Yoga is full of variety. One pose can offer many variations — even something as simple as standing on your head. I have introduced you all to the four variations of headstand found in Ashtanga Yoga. The first one is Bound Headstand, followed by Double Arm Headstand. The third is Forearm Headstand, and the fourth is Pinching Shoulders Headstand. We have three more to go, and the next one up is Tripod Headstand. I happen to think this is one of the easier ones because your hands can help you stay balanced, but it can also hurt your head, so make sure you do this on a thick mat. Fold your mat in thirds if you need more cushioning.
|Sanskrit Name: Mukta Hasta Sirsana A|
English Translation: Free Hands Headstand Posture A
Also Called: Tripod Headstand
How do you get into it? To find out read more.
- Begin with your hands and knees on the mat. Lower the top of your head to the floor so it's in front of your hands.
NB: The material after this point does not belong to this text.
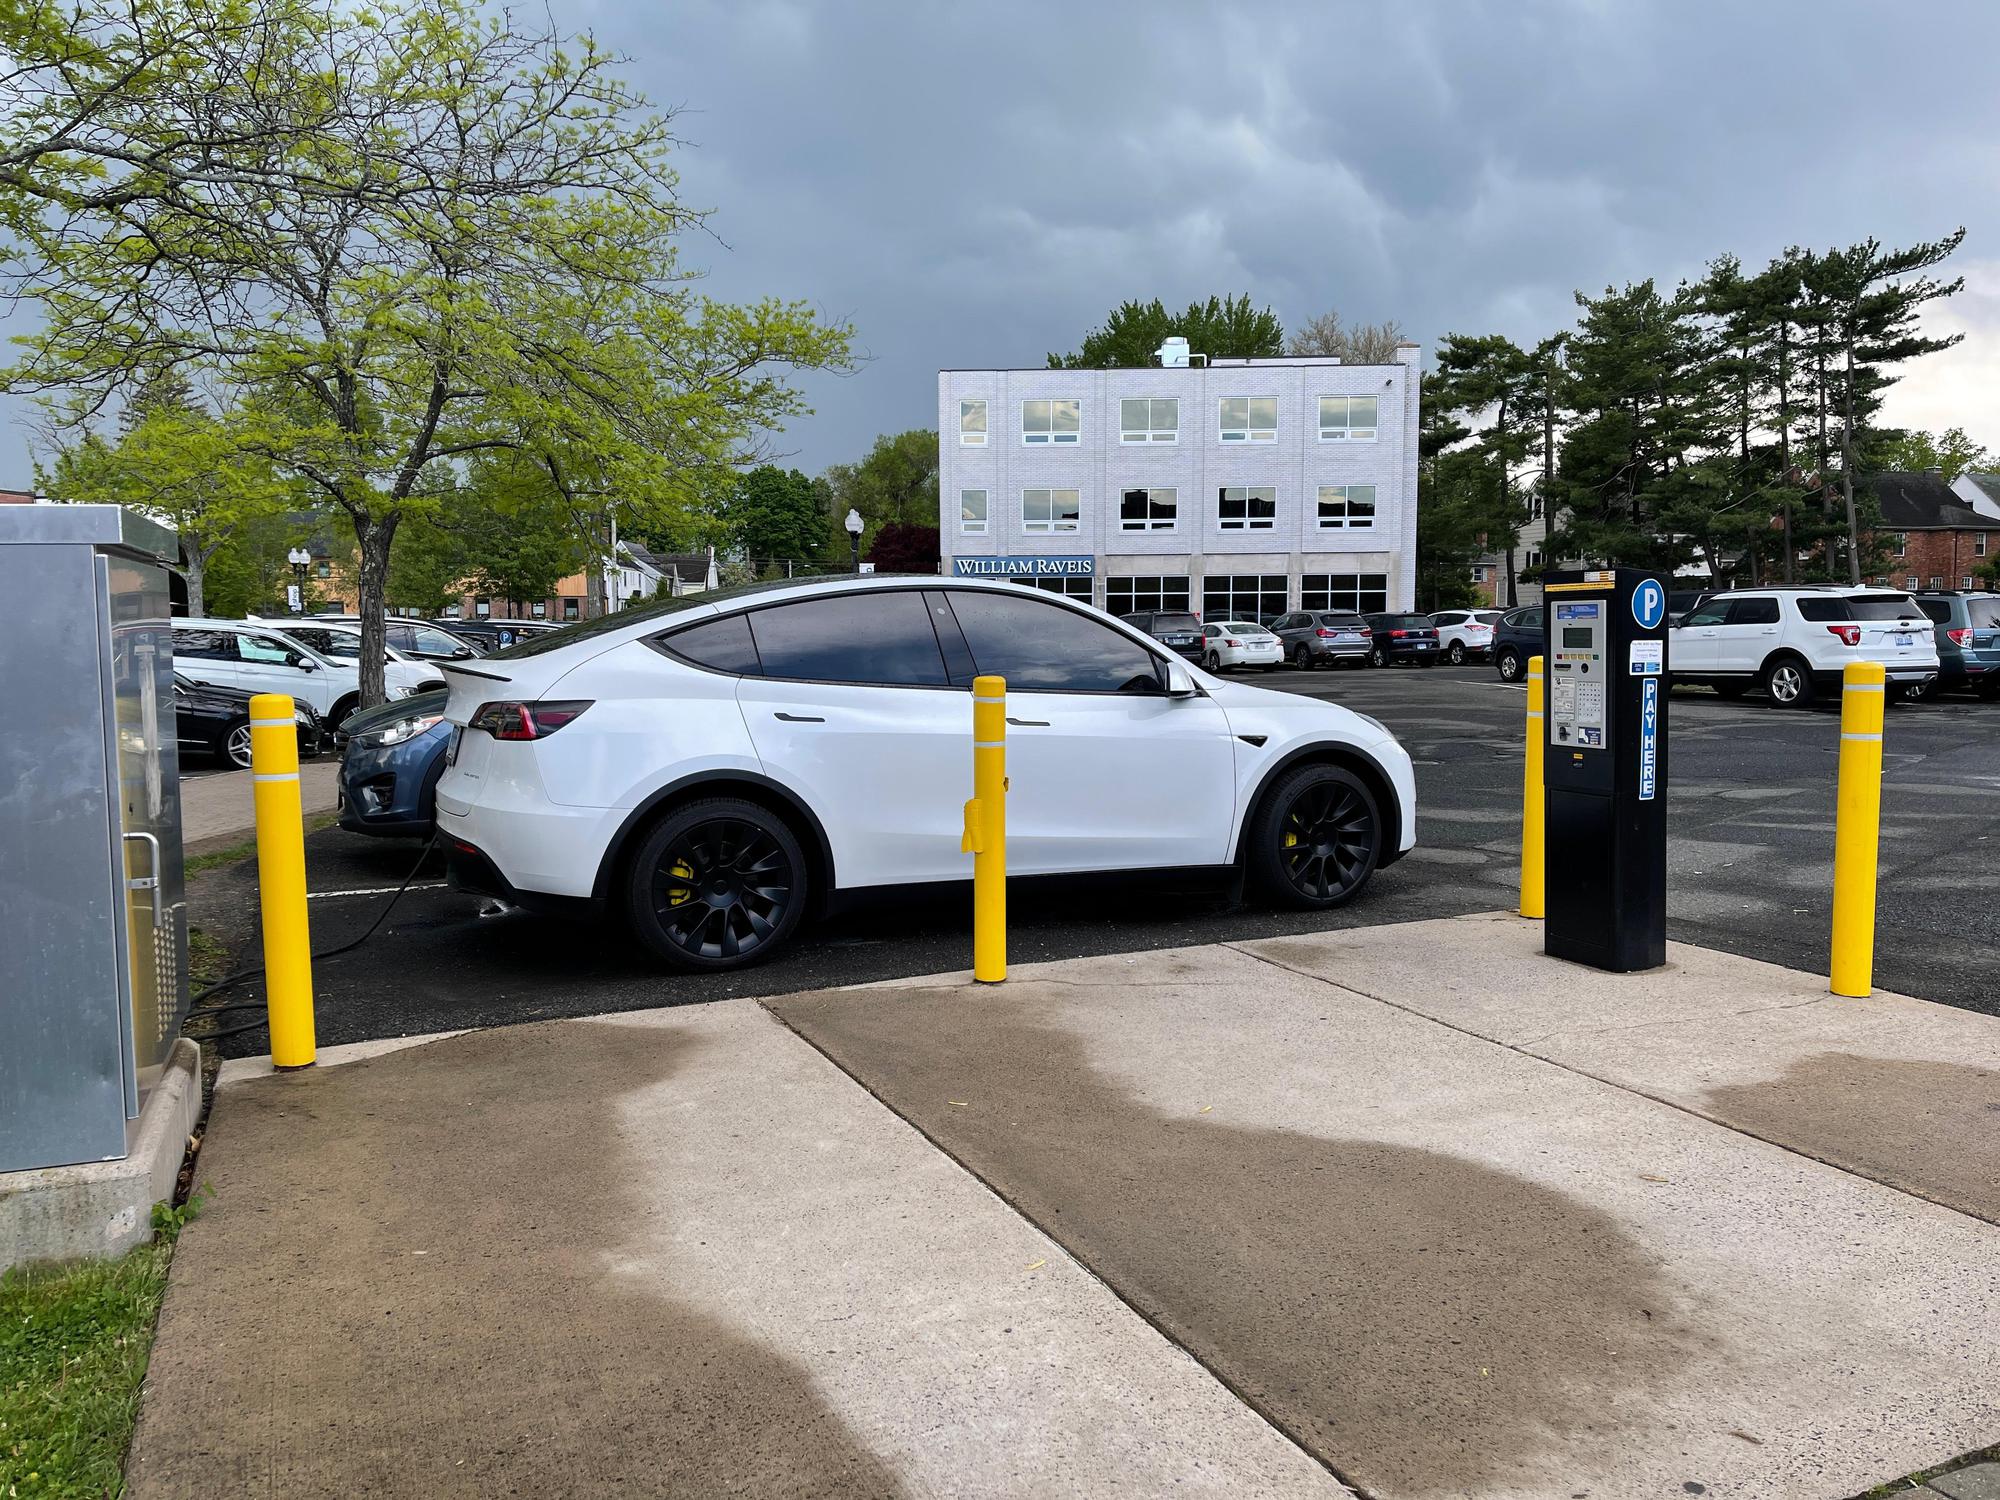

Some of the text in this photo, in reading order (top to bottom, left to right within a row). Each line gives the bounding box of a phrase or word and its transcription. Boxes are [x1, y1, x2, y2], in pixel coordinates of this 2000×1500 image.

[956, 559, 1092, 574] WILLIAM RAVEIS
[1644, 588, 1658, 621] P
[1645, 683, 1655, 728] PAY
[1643, 735, 1654, 795] HERE
You'll know your head is in the right position because your elbows will be directly over your wrists and you'll be able to see your hands. Your head and both palms will form the points of an equilateral triangle.
- Once your head and hands feel stable, straighten both legs and walk your feet towards your face as far as you can.
- Shift your hips over your shoulders, and keep your hands planted firmly on the mat. Practice doing Tripod Balance, by resting your knees on your triceps. Stay here or work on lifting both legs up into the air coming into Tripod Headstand. Keep your legs together and point your toes.
- Hold this pose for five deep breaths. Then slowly lower your feet to the floor.